Floricoltura: il crisantemo ligure simbolo di Ognissanti, dopo il calo per la pandemia il settore riparte

Dai classici crisantemi alle gerbere, dalle sterlizie ai ciclamini, dalle rose fino al verde ornamentale da reciso: che si preferiscano in bouquet o in vasi, sono i fiori liguri la prima scelta per la festa di Ognissanti, celebrazione cristiana che si celebra il 1° novembre e a cui segue la Commemorazione dei Defunti, dove è rito secolare portare un fiore in dono. 

La produzione dei crisantemi e di altri fiori autunnali è fondamentale per molte aziende liguri che, oltre a rifornire il mercato locale ed estero, esportano anche in molte regioni italiane. Proprio il crisantemo sembra essere il fiore prediletto per la vicina festività: letteralmente “il fiore d’oro”, usato sia in vaso che reciso, possiede, tra gli altri, un significato di vita e rinascita, mentre al di fuori dei confini nazionali è anche simbolo di gioia e prosperità. Non manca poi il ciclamino, che si produce da settembre e fin dopo le festività natalizie, e che simbolicamente allontanerebbe venti malefici e nefasti.
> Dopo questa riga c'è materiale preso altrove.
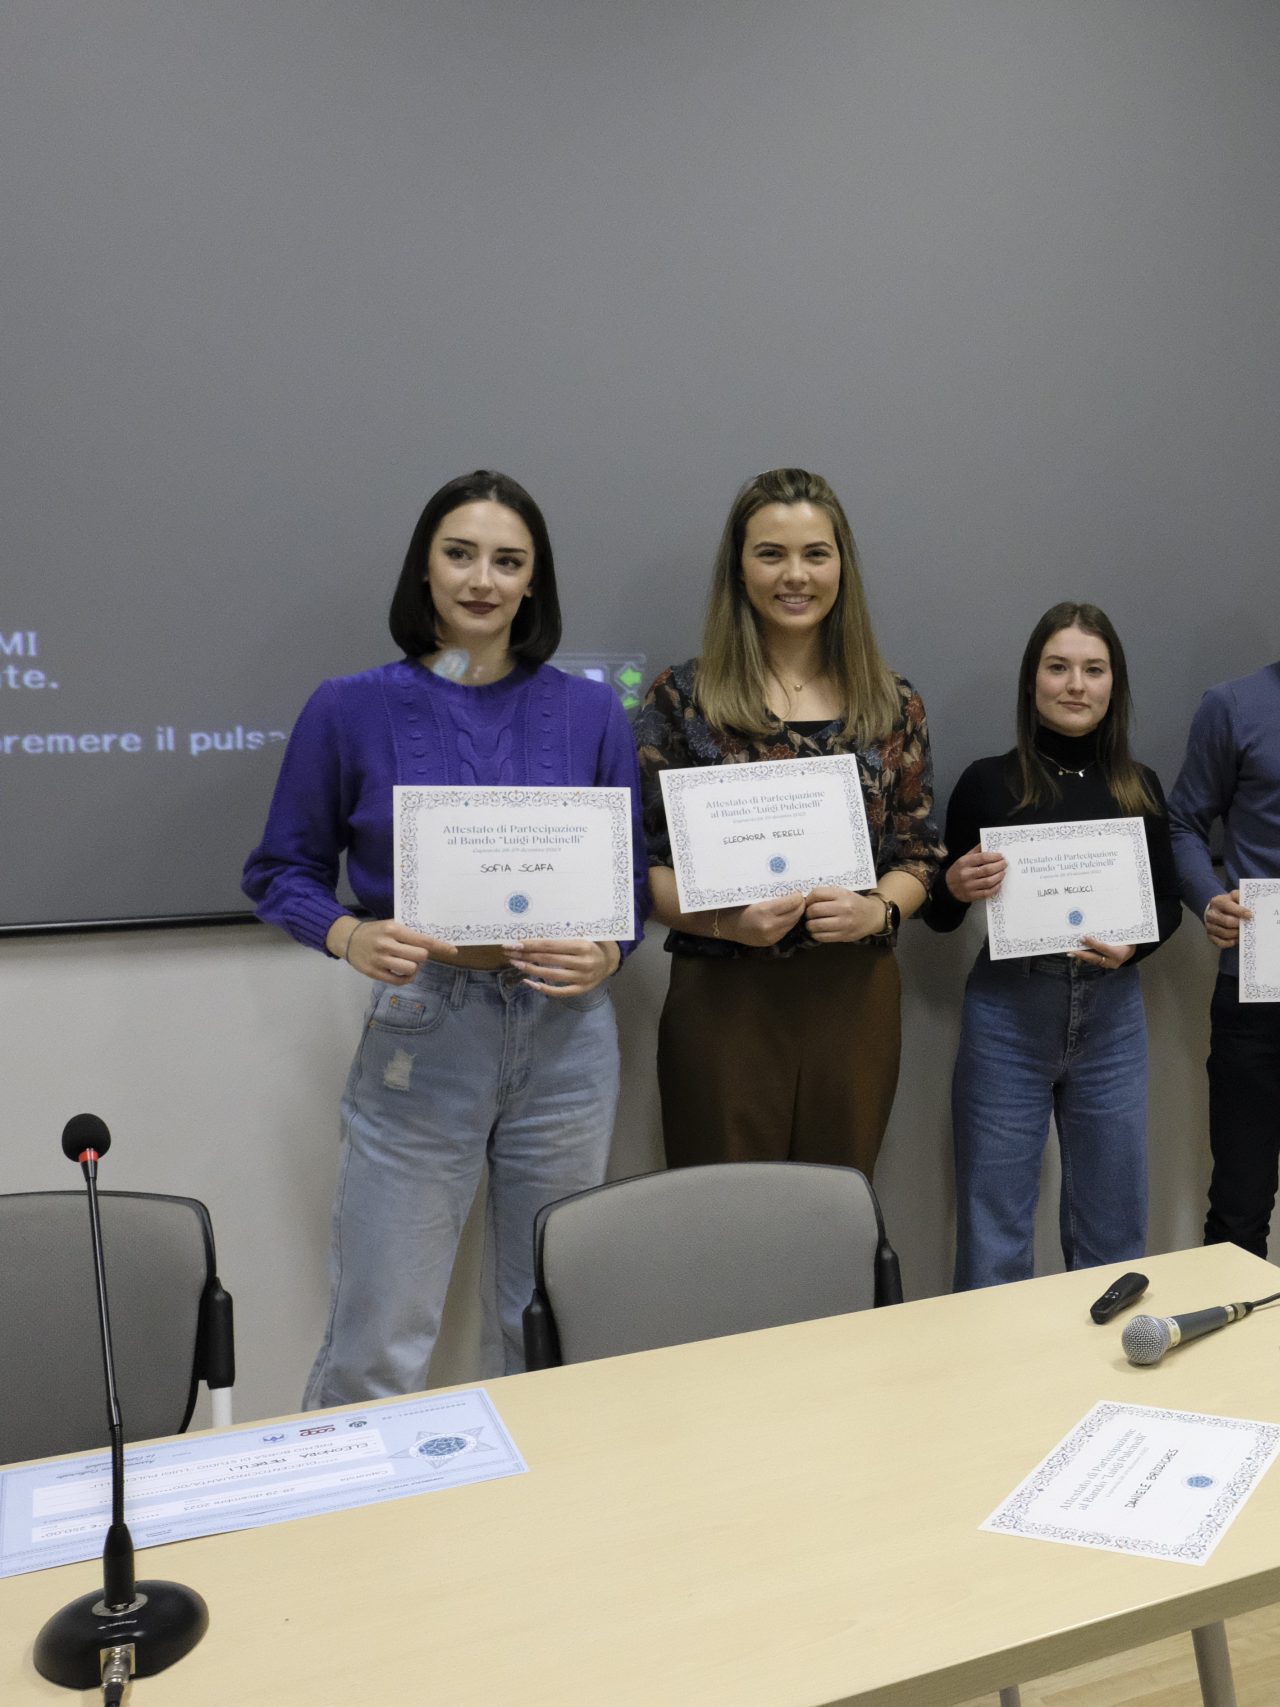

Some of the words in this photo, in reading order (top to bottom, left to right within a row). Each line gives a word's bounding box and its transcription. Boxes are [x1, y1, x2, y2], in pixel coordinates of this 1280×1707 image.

[0, 664, 59, 689] te.
[0, 732, 142, 754] remere
[156, 726, 176, 751] il
[706, 798, 748, 809] Attestato
[749, 796, 758, 804] di
[760, 790, 825, 804] Partecipazione
[710, 810, 720, 818] al
[722, 806, 750, 818] Bando
[443, 824, 494, 834] Attestato
[496, 824, 506, 834] di
[510, 824, 588, 834] Partecipazione
[723, 832, 766, 846] ELEONORA
[772, 828, 804, 840] PERELLI
[447, 836, 456, 845] al
[460, 836, 496, 845] Bando
[500, 836, 528, 846] "Luigi
[532, 835, 584, 845] Pulcinelli"
[1018, 855, 1052, 866] Attestato
[1054, 854, 1062, 862] di
[1064, 850, 1118, 862] Partecipazione
[480, 863, 512, 874] SOFIA
[518, 864, 554, 873] SCAFA
[1030, 864, 1055, 873] Bando
[1037, 887, 1058, 898] ILARIA
[1064, 884, 1094, 894] MECUCCI
[298, 1426, 336, 1437] coop
[298, 1442, 368, 1459] ELEONORA
[1057, 1480, 1092, 1509] Attestato
[1090, 1428, 1138, 1471] Partecipazione
[1081, 1481, 1107, 1501] Bando
[1123, 1483, 1152, 1507] DANIELE
Ma dato che ogni omaggio è espressione di amore e memoria, ciascun fiore ligure può essere scelto, anche la classica ed intramontabile rosa, simbolo di affetto profondo ed eterno. 

“La produzione dei crisantemi e di altri fiori autunnali – affermano il presidente di Coldiretti Liguria Gianluca Boeri e il Delegato Confederale Bruno Rivarossa – è fondamentale per molte aziende liguri che portano avanti un settore, quello florovivaistico, da difendere e promuovere con ogni risorsa. Il mercato ligure  sta mostrando una dinamicità dettata dall’ottima qualità di prodotto e dall’impegno degli imprenditori locali, che riescono a sbaragliare in molti casi la concorrenza. La floricoltura in Liguria si concentra per il 95% tra le province di Imperia e Savona: per i propri doni, in occasioni come questa, ma non solo, come Coldiretti Liguria consigliamo di preferire fiori del nostro territorio a quelli d’importazione. Acquistare fiori liguri significa anche contribuire alla salvaguardia dell’ambiente e avere un prodotto di qualità migliore, non solo perché non deve affrontare lunghi viaggi, ma anche perché molti produttori sono impegnati a selezionare varietà che regalano profumi più intensi e caratteristici”.